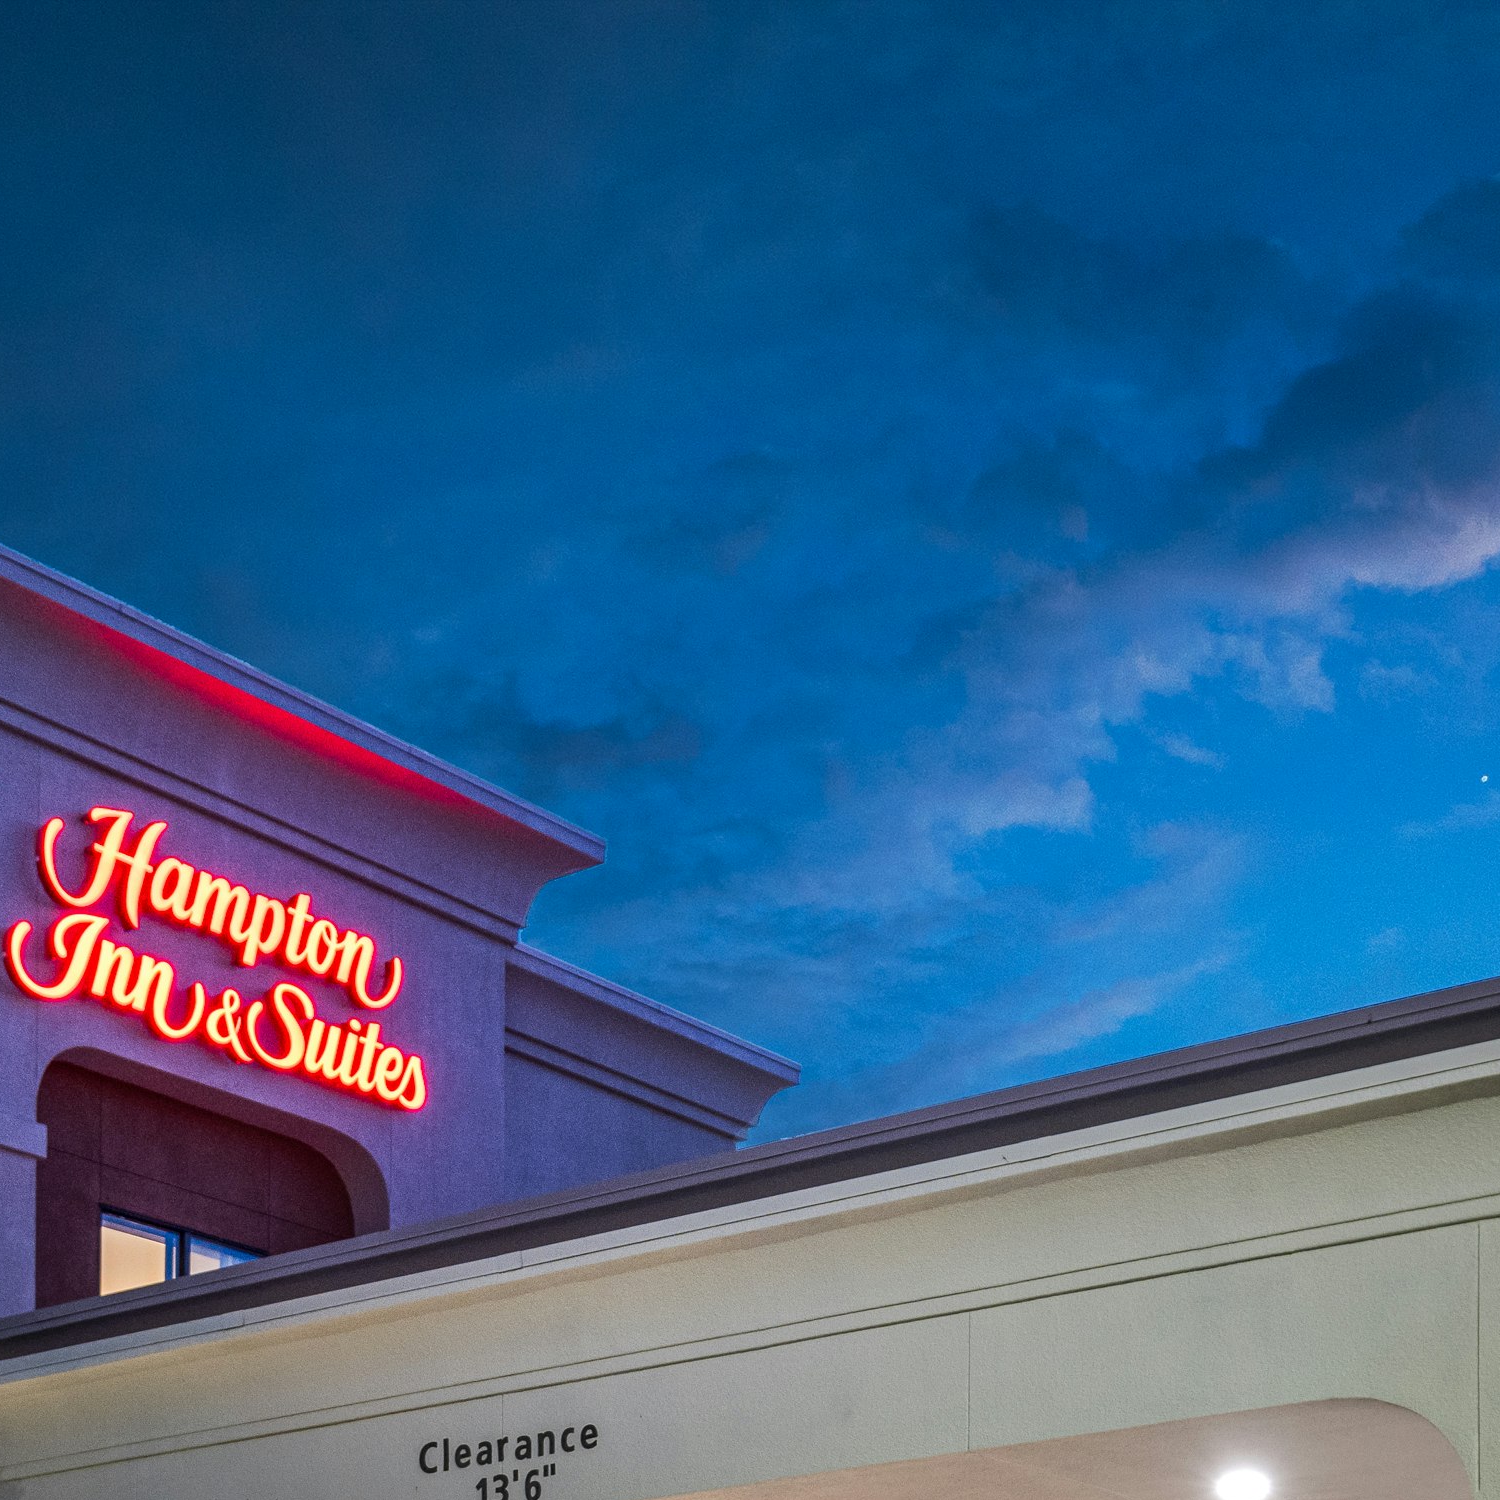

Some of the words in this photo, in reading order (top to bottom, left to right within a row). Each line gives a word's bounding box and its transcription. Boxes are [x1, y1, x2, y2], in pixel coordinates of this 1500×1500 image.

[42, 807, 404, 1009] Hampton
[8, 914, 205, 1039] Inn
[206, 988, 254, 1063] &
[247, 983, 429, 1111] Suites
[419, 1424, 598, 1474] Clearance

TASK - From the first record to the last, print everything again exactly, without pictures.

SOLVED EXERCISE -
Some of the words in this photo, in reading order (top to bottom, left to right within a row). Each line gives a word's bounding box and its transcription. Boxes are [x1, y1, x2, y2], in pixel coordinates of this 1500×1500 image.

[42, 807, 404, 1009] Hampton
[8, 914, 205, 1039] Inn
[206, 988, 254, 1063] &
[247, 983, 429, 1111] Suites
[419, 1424, 598, 1474] Clearance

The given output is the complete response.